• [ABOUT THIS TASK] Each line of data below is to be returned exactly, leaving out any picture.

• [DATASET EXCERPTS]
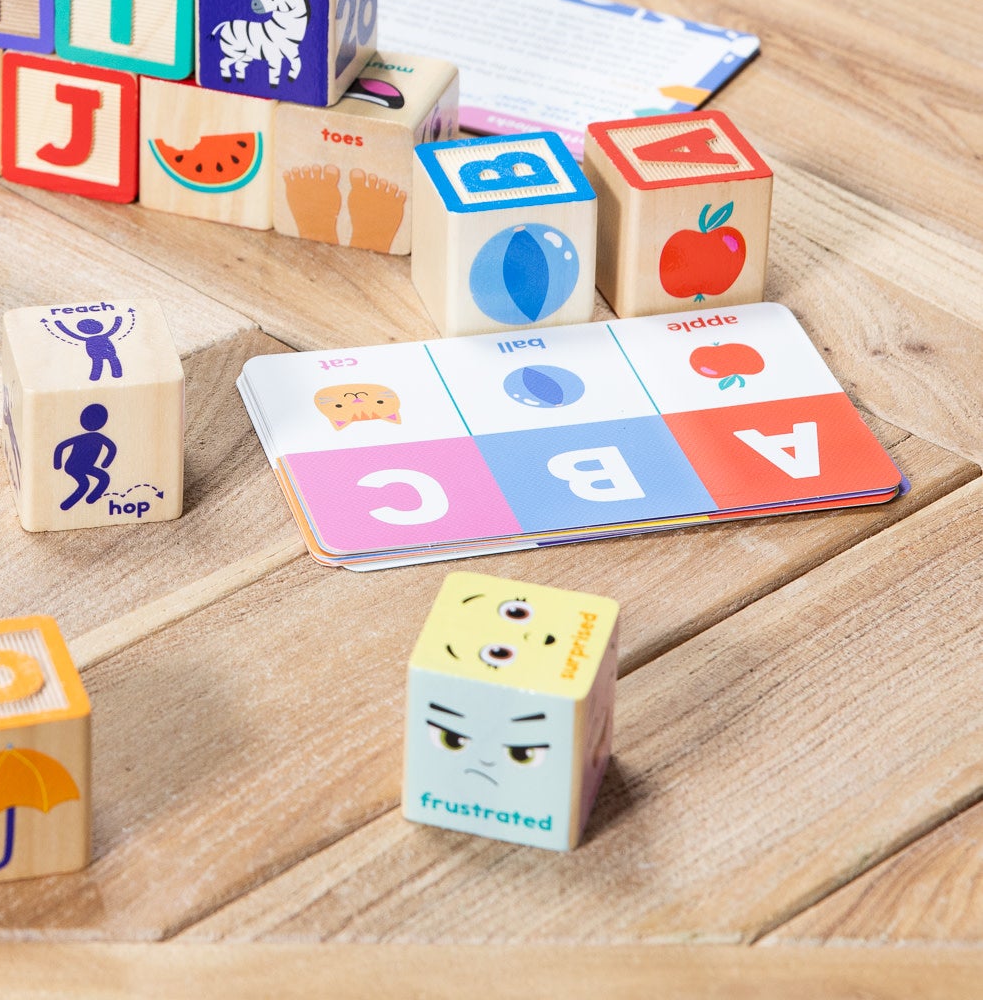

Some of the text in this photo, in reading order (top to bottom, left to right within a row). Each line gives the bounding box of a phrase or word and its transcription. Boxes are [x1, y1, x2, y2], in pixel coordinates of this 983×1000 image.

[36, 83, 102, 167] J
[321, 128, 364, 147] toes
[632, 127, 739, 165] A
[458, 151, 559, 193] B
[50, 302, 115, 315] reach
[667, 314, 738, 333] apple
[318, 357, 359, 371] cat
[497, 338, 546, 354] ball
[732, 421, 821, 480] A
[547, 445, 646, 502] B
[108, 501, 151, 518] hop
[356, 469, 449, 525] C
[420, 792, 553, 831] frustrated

• [EXERCISE SOLUTION]
Some of the text in this photo, in reading order (top to bottom, left to right within a row). Each line gives the bounding box of a phrase or word and its transcription. Boxes are [x1, y1, x2, y2], in pixel coordinates of this 983×1000 image.

[36, 83, 102, 167] J
[321, 128, 364, 147] toes
[632, 127, 739, 165] A
[458, 151, 559, 193] B
[50, 302, 115, 315] reach
[667, 314, 738, 333] apple
[318, 357, 359, 371] cat
[497, 338, 546, 354] ball
[732, 421, 821, 480] A
[547, 445, 646, 502] B
[108, 501, 151, 518] hop
[356, 469, 449, 525] C
[420, 792, 553, 831] frustrated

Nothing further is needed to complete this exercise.